→ **Assignment**: The answer should match the entries below word for word, minus their pictures.

→ **Recorded information**:
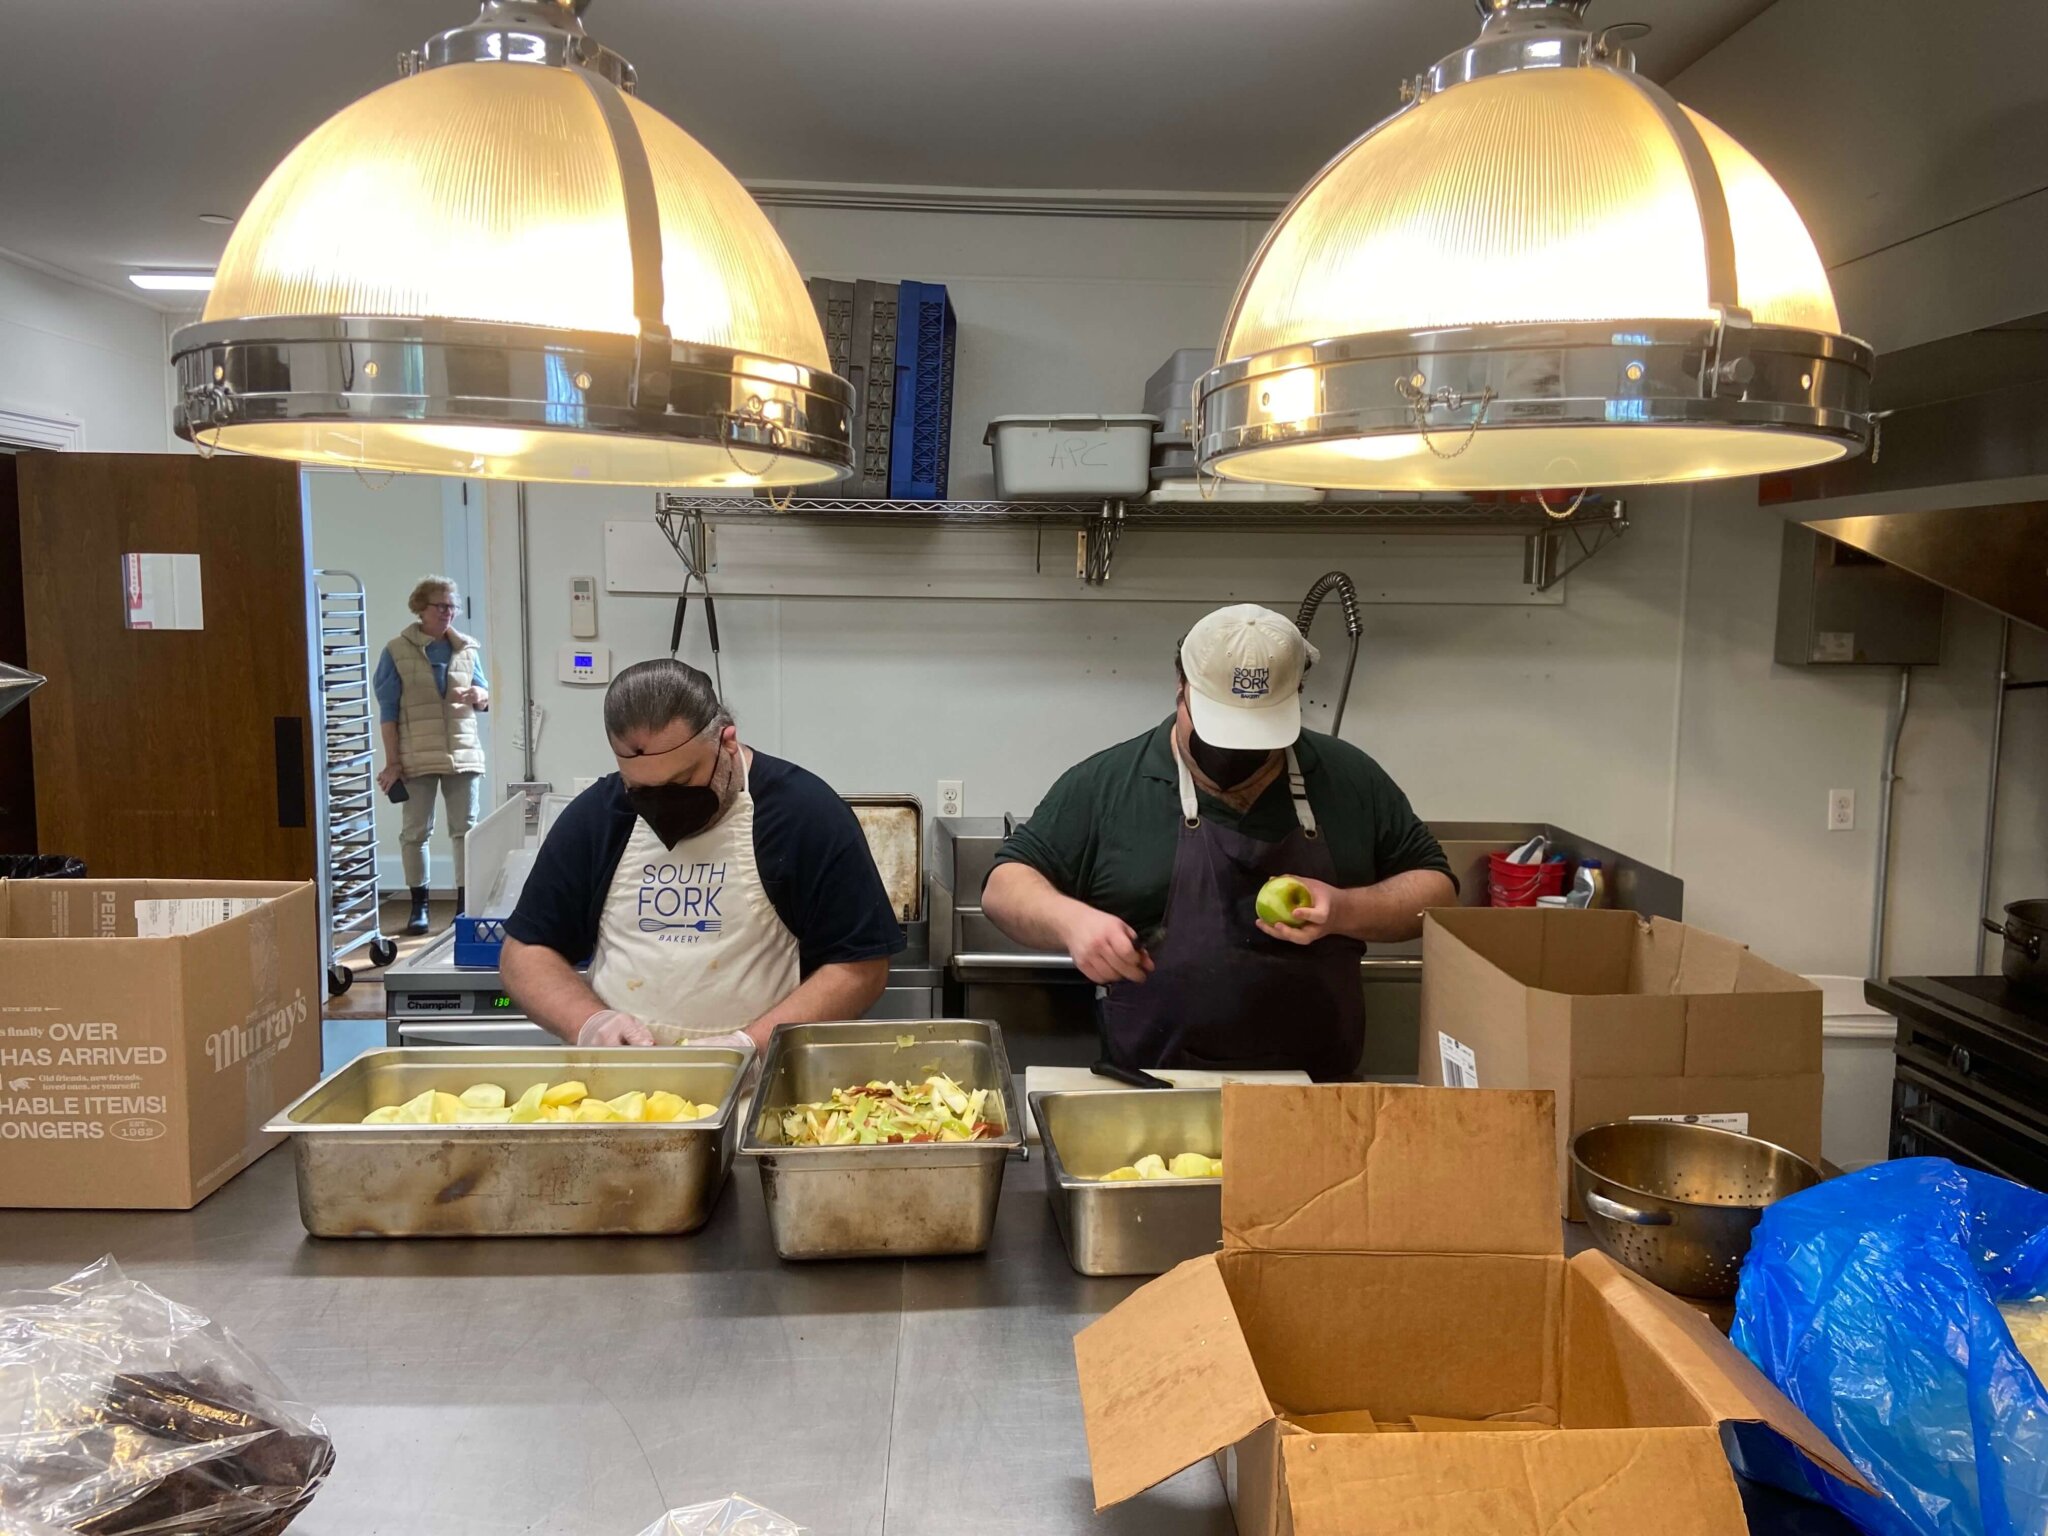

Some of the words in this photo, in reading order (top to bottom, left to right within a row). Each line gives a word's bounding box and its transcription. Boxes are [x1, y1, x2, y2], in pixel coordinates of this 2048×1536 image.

[1233, 667, 1269, 677] SOUTH
[1232, 676, 1269, 690] FORK
[642, 862, 727, 885] SOUTH
[637, 886, 723, 917] FORK
[658, 934, 700, 944] BAKERY
[407, 1000, 461, 1010] Champion
[7, 1026, 45, 1039] finally
[49, 1022, 118, 1042] OVER
[205, 987, 307, 1073] Murray's
[1, 1047, 52, 1066] HAS
[58, 1046, 168, 1066] ARRIVED
[42, 1083, 66, 1091] loved
[85, 1096, 167, 1114] ITEMS!
[0, 1121, 105, 1139] ONGERS
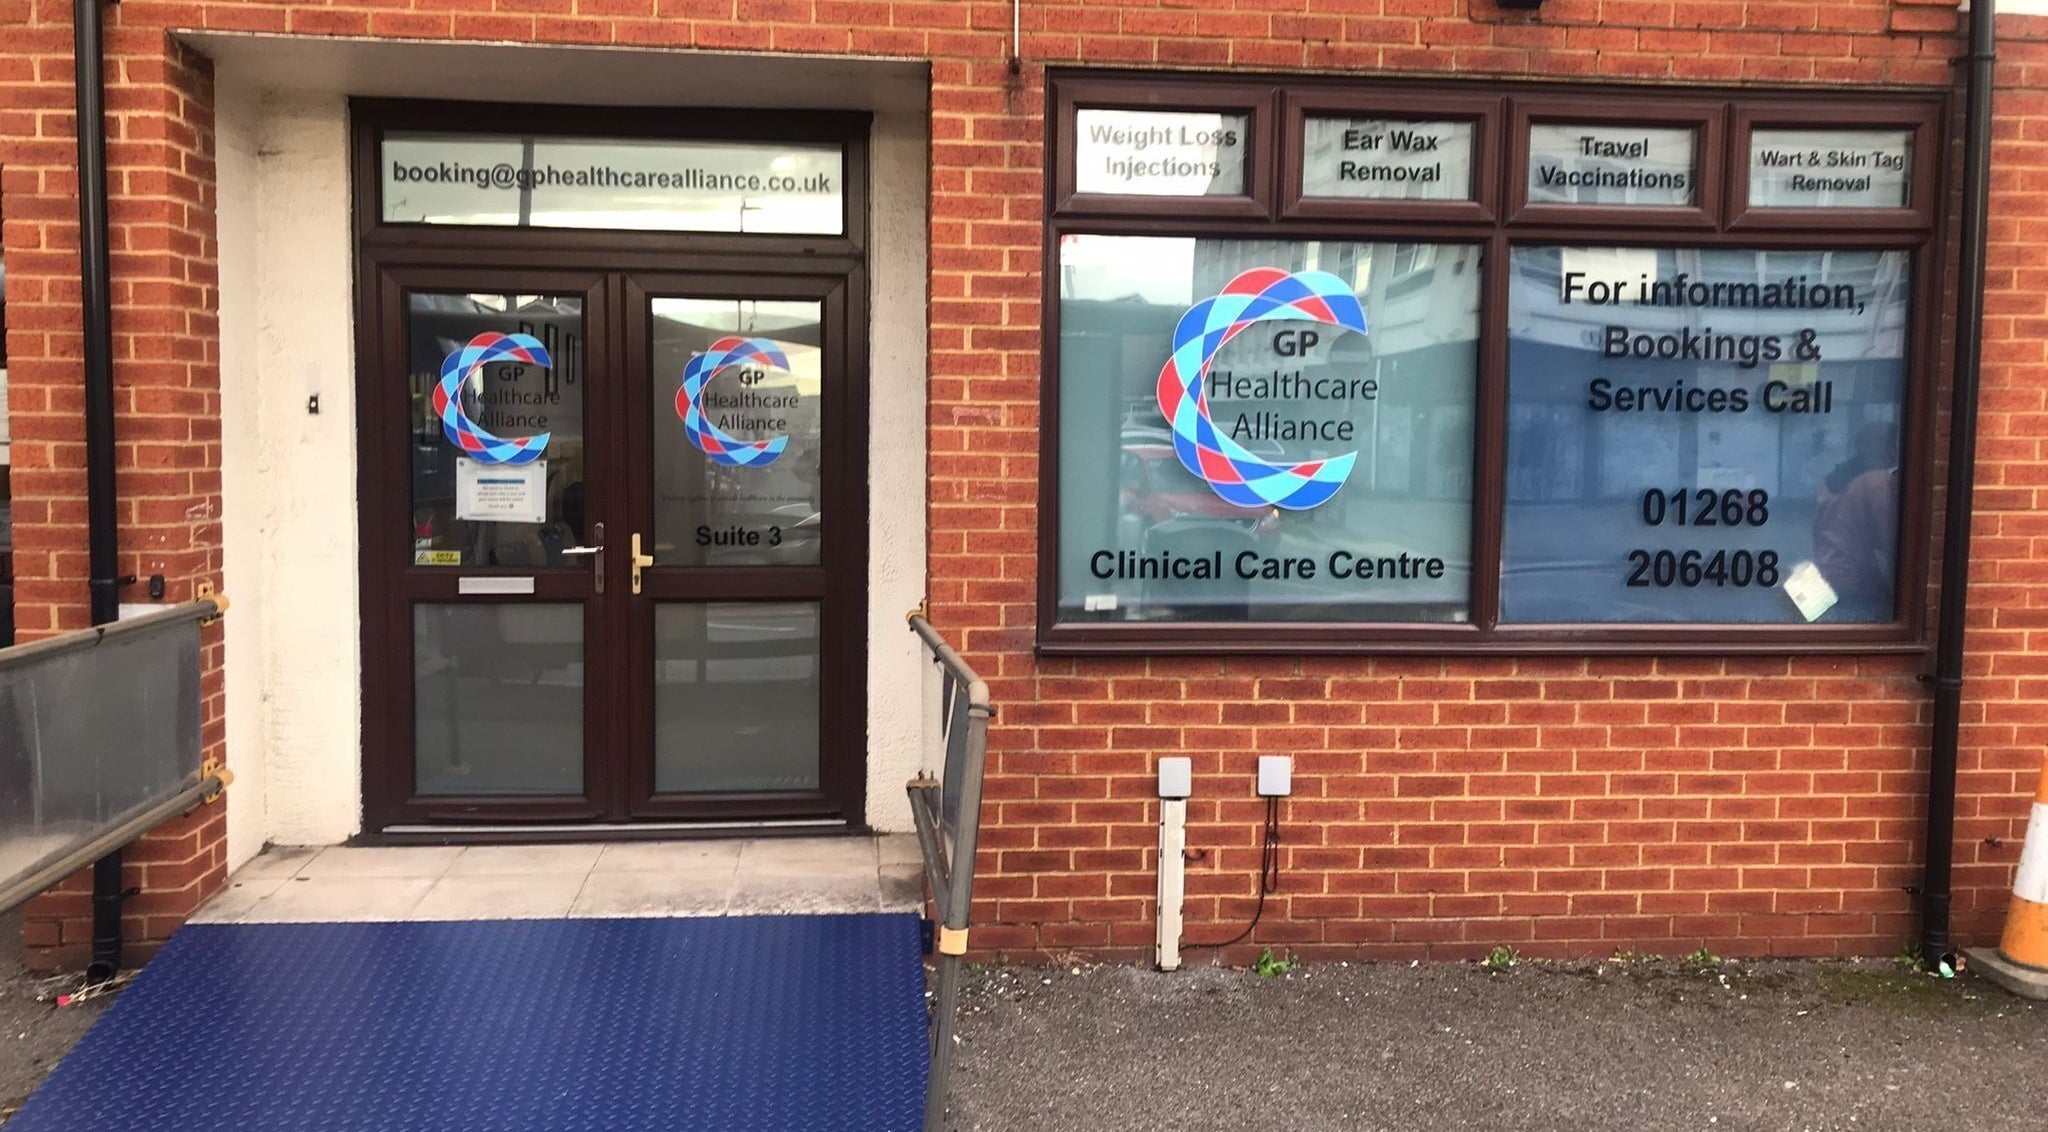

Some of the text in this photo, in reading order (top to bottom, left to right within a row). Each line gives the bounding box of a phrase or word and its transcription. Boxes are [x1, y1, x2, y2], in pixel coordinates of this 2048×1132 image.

[1089, 125, 1238, 150] Weight Loss
[1343, 129, 1438, 152] Ear Wax
[1579, 136, 1649, 158] Travel
[1105, 155, 1221, 180] Injections
[1339, 161, 1441, 183] Removal
[1761, 150, 1904, 171] Wart & Skin Tag
[393, 161, 831, 193] booking@gphealthcarealliance.co.uk
[1540, 166, 1686, 189] Vaccinations
[1791, 174, 1871, 192] Removal
[1562, 271, 1865, 315] For information,
[1272, 329, 1319, 358] GP
[1603, 325, 1822, 369] Bookings &
[498, 366, 525, 382] GP
[739, 369, 765, 385] GP
[1210, 370, 1378, 401] Healthcare
[464, 388, 560, 406] Healthcare
[705, 391, 799, 409] Healthcare
[1587, 377, 1833, 415] Services Call
[478, 410, 548, 428] Alliance
[718, 414, 787, 431] Alliance
[1231, 412, 1354, 442] Alliance
[1642, 487, 1770, 527] 01268
[696, 525, 783, 546] Suite 3
[1090, 550, 1445, 580] Clinical Care Centre
[1625, 548, 1780, 588] 206408

→ **Task answer**:
Some of the words in this photo, in reading order (top to bottom, left to right within a row). Each line gives a word's bounding box and its transcription. Boxes are [x1, y1, x2, y2], in pixel coordinates of this 2048×1536 image.

[1233, 667, 1269, 677] SOUTH
[1232, 676, 1269, 690] FORK
[642, 862, 727, 885] SOUTH
[637, 886, 723, 917] FORK
[658, 934, 700, 944] BAKERY
[407, 1000, 461, 1010] Champion
[7, 1026, 45, 1039] finally
[49, 1022, 118, 1042] OVER
[205, 987, 307, 1073] Murray's
[1, 1047, 52, 1066] HAS
[58, 1046, 168, 1066] ARRIVED
[42, 1083, 66, 1091] loved
[85, 1096, 167, 1114] ITEMS!
[0, 1121, 105, 1139] ONGERS

Some of the text in this photo, in reading order (top to bottom, left to right within a row). Each line gives the bounding box of a phrase or word and its transcription. Boxes are [x1, y1, x2, y2], in pixel coordinates of this 2048×1132 image.

[1089, 125, 1238, 150] Weight Loss
[1343, 129, 1438, 152] Ear Wax
[1579, 136, 1649, 158] Travel
[1105, 155, 1221, 180] Injections
[1339, 161, 1441, 183] Removal
[1761, 150, 1904, 171] Wart & Skin Tag
[393, 161, 831, 193] booking@gphealthcarealliance.co.uk
[1540, 166, 1686, 189] Vaccinations
[1791, 174, 1871, 192] Removal
[1562, 271, 1865, 315] For information,
[1272, 329, 1319, 358] GP
[1603, 325, 1822, 369] Bookings &
[498, 366, 525, 382] GP
[739, 369, 765, 385] GP
[1210, 370, 1378, 401] Healthcare
[464, 388, 560, 406] Healthcare
[705, 391, 799, 409] Healthcare
[1587, 377, 1833, 415] Services Call
[478, 410, 548, 428] Alliance
[718, 414, 787, 431] Alliance
[1231, 412, 1354, 442] Alliance
[1642, 487, 1770, 527] 01268
[696, 525, 783, 546] Suite 3
[1090, 550, 1445, 580] Clinical Care Centre
[1625, 548, 1780, 588] 206408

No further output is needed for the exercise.